Images for object localization:
************
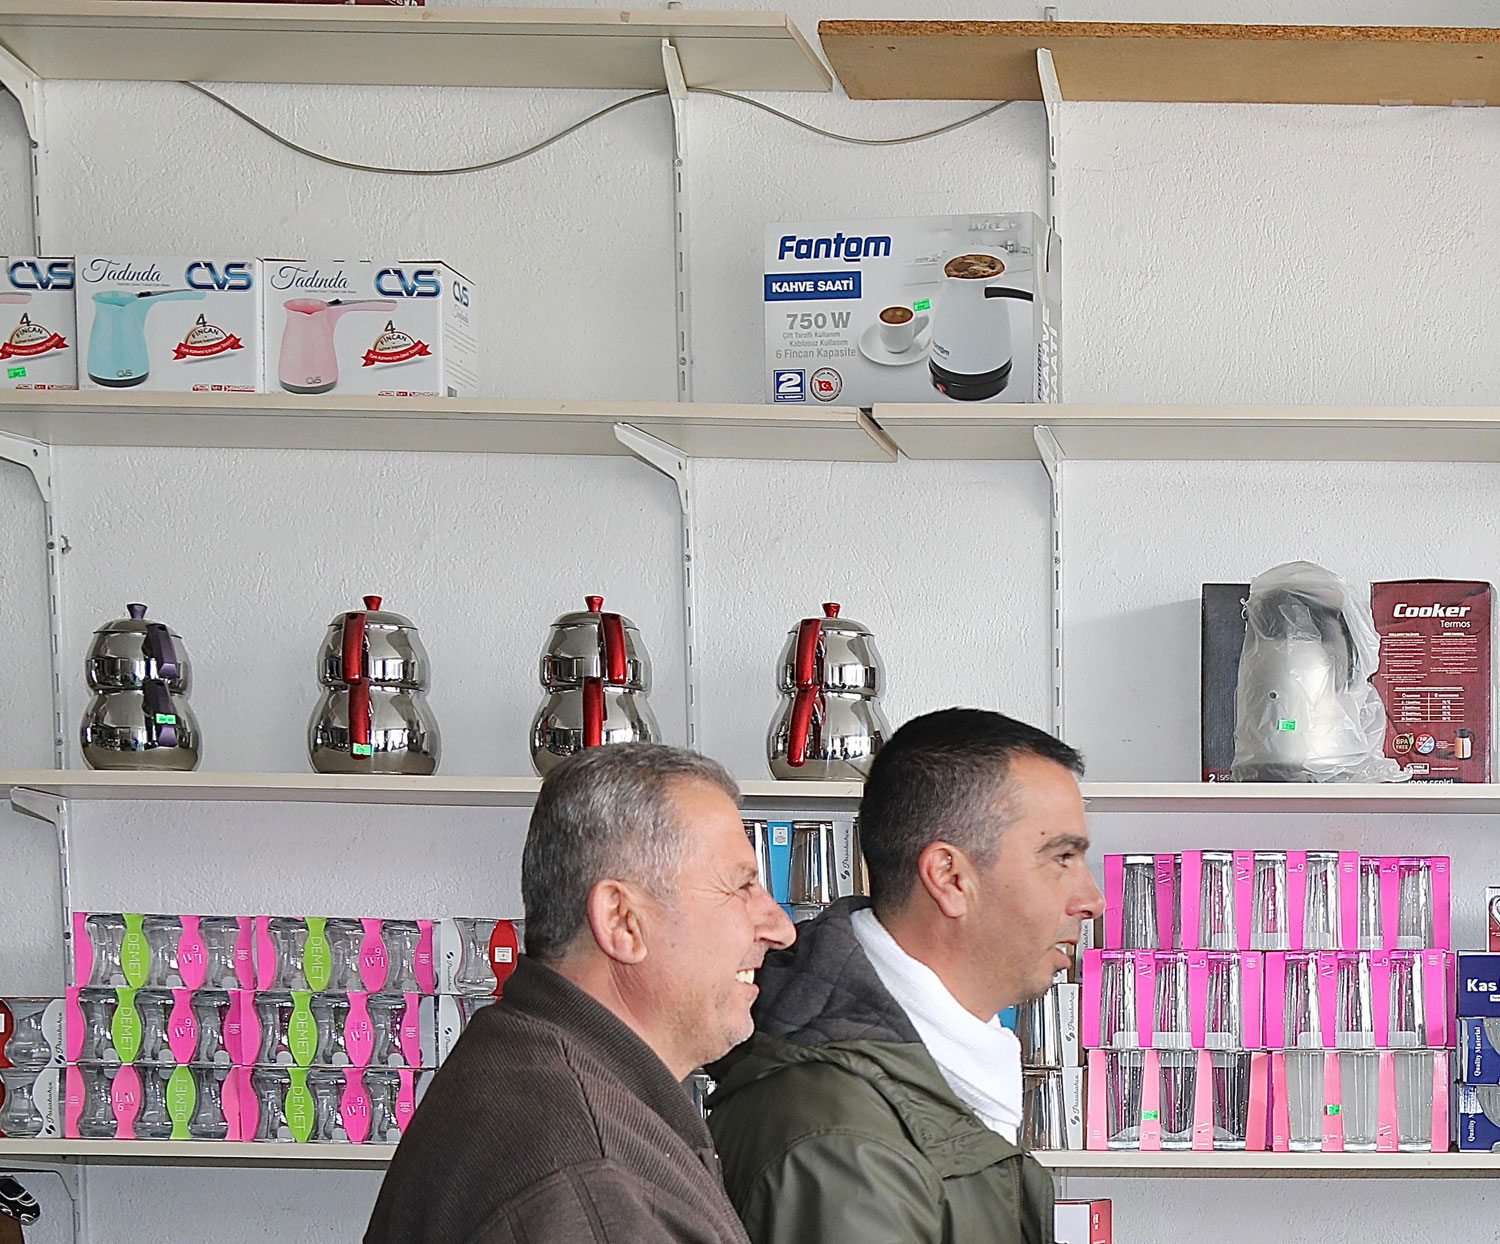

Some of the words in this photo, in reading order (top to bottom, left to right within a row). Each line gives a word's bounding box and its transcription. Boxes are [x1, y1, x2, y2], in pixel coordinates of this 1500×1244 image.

[777, 232, 892, 263] Fantom
[9, 261, 76, 290] CVS
[185, 261, 253, 291] CVS
[375, 269, 441, 297] CVS
[771, 280, 815, 293] KAHVE
[816, 276, 854, 292] SAATİ
[19, 312, 32, 327] 4
[195, 313, 208, 327] 4
[384, 319, 396, 333] 4
[786, 313, 827, 330] 750
[832, 311, 852, 329] W
[775, 350, 783, 359] 6
[784, 349, 815, 359] Fincan
[816, 348, 857, 360] Kapasite
[778, 372, 802, 393] 2
[1393, 603, 1471, 618] Cooker
[1440, 620, 1471, 629] Termos
[126, 932, 141, 979] DEMET
[311, 936, 324, 983] DEMET
[1466, 978, 1498, 992] Kas
[120, 1006, 134, 1052] DEMET
[296, 1010, 309, 1057] DEMET
[1473, 1055, 1482, 1076] Quality
[175, 1076, 188, 1123] DEMET
[292, 1086, 306, 1132] DEMET
************
Repeat each line of the records above exactly, but do not copy the pictures.

• OUTPUT FOR THIS EXERCISE:
Some of the words in this photo, in reading order (top to bottom, left to right within a row). Each line gives a word's bounding box and its transcription. Boxes are [x1, y1, x2, y2], in pixel coordinates of this 1500×1244 image.

[777, 232, 892, 263] Fantom
[9, 261, 76, 290] CVS
[185, 261, 253, 291] CVS
[375, 269, 441, 297] CVS
[771, 280, 815, 293] KAHVE
[816, 276, 854, 292] SAATİ
[19, 312, 32, 327] 4
[195, 313, 208, 327] 4
[384, 319, 396, 333] 4
[786, 313, 827, 330] 750
[832, 311, 852, 329] W
[775, 350, 783, 359] 6
[784, 349, 815, 359] Fincan
[816, 348, 857, 360] Kapasite
[778, 372, 802, 393] 2
[1393, 603, 1471, 618] Cooker
[1440, 620, 1471, 629] Termos
[126, 932, 141, 979] DEMET
[311, 936, 324, 983] DEMET
[1466, 978, 1498, 992] Kas
[120, 1006, 134, 1052] DEMET
[296, 1010, 309, 1057] DEMET
[1473, 1055, 1482, 1076] Quality
[175, 1076, 188, 1123] DEMET
[292, 1086, 306, 1132] DEMET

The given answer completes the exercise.